- Born: Anne Swain February 6, 1926 Port Washington, New York, U.S.
- Died: April 5, 2009 (aged 83) Blairstown, New Jersey, U.S.
- Occupations: Singer, songwriter
- Spouse(s): Hall Overton (m. 1949); 2 children

= Nancy Overton =

American singer

Nancy Swain Overton (born Anne Swain; February 6, 1926 – April 5, 2009) was an American pop singer and songwriter, known for her work with The Heathertones and as a touring member of The Chordettes.

==Biography==

Overton began singing professionally in the 1940s. In 1946, she formed the vocal quartet The Heathertones with her sister Jean Swain, Bix Brent, and Pauli Skindlov. The group later included Ellie Decker and Marianne McCormick, performed with bandleader Ray Heatherton, and recorded or appeared with musicians including Benny Goodman and Tommy Dorsey before disbanding in 1953.

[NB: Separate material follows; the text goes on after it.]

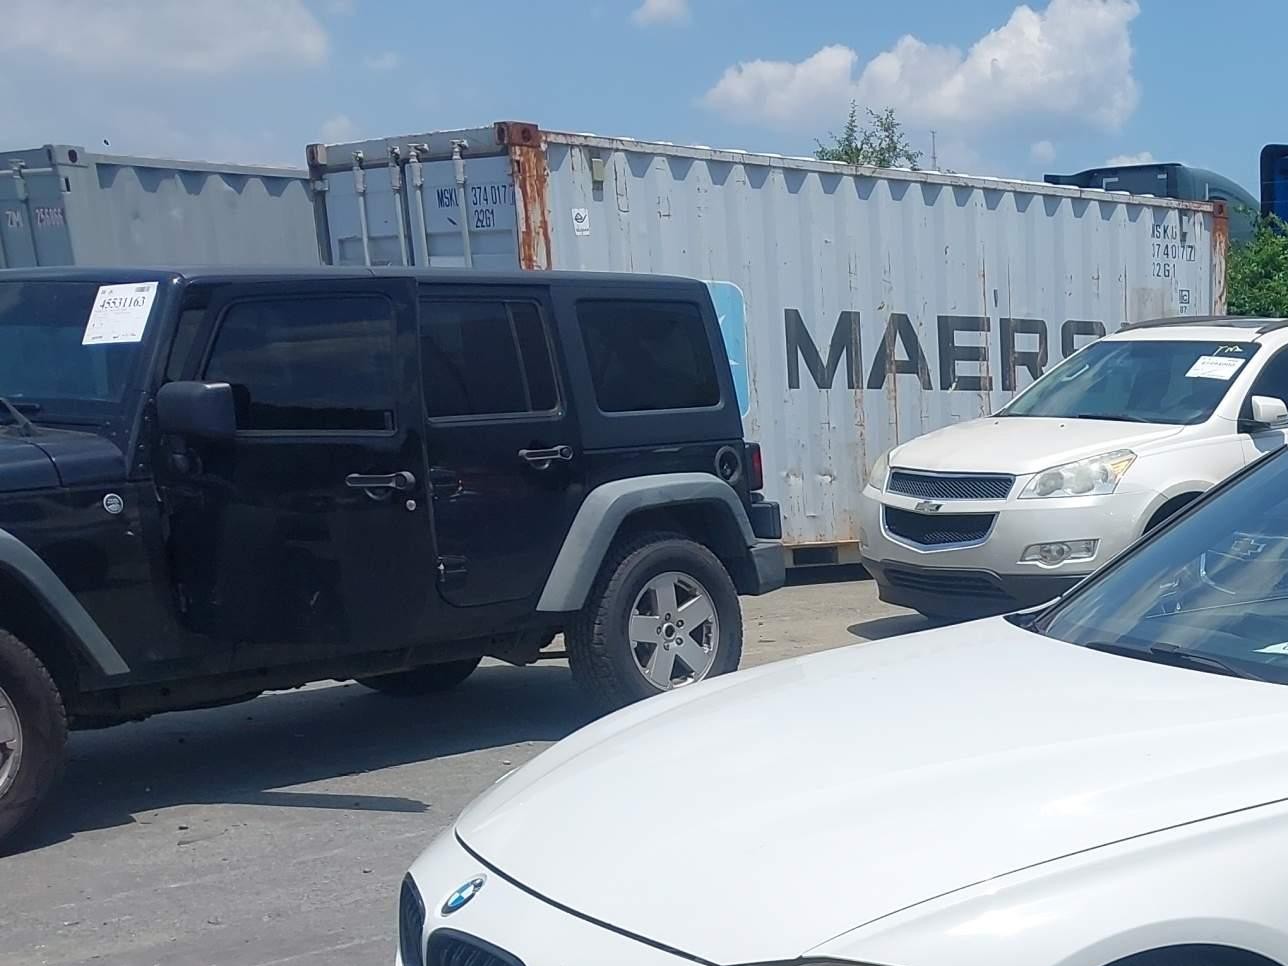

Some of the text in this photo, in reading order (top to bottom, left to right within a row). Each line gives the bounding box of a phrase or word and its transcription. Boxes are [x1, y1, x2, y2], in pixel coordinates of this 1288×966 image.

In 1957, Overton joined The Chordettes for live appearances after Janet Ertel stopped touring with the group. Overton toured with The Chordettes until the group broke up in the early 1960s, although she did not record with the group for Cadence Records.

==Personal life==

Overton married jazz pianist, composer, and arranger Hall Overton in 1949. The family moved from New York City to Englewood, New Jersey, in 1966, reportedly at the urging of Dizzy Gillespie. After Hall Overton died in 1972, Nancy Overton retired from show business and worked for Prentice-Hall Publishers as an editorial assistant.

==Family==

Overton had two sons, including actor and comedian Rick Overton.

==Later life and death==

Overton moved to Blairstown, New Jersey, in 1982. She died there from esophageal cancer on April 5, 2009, at the age of 83.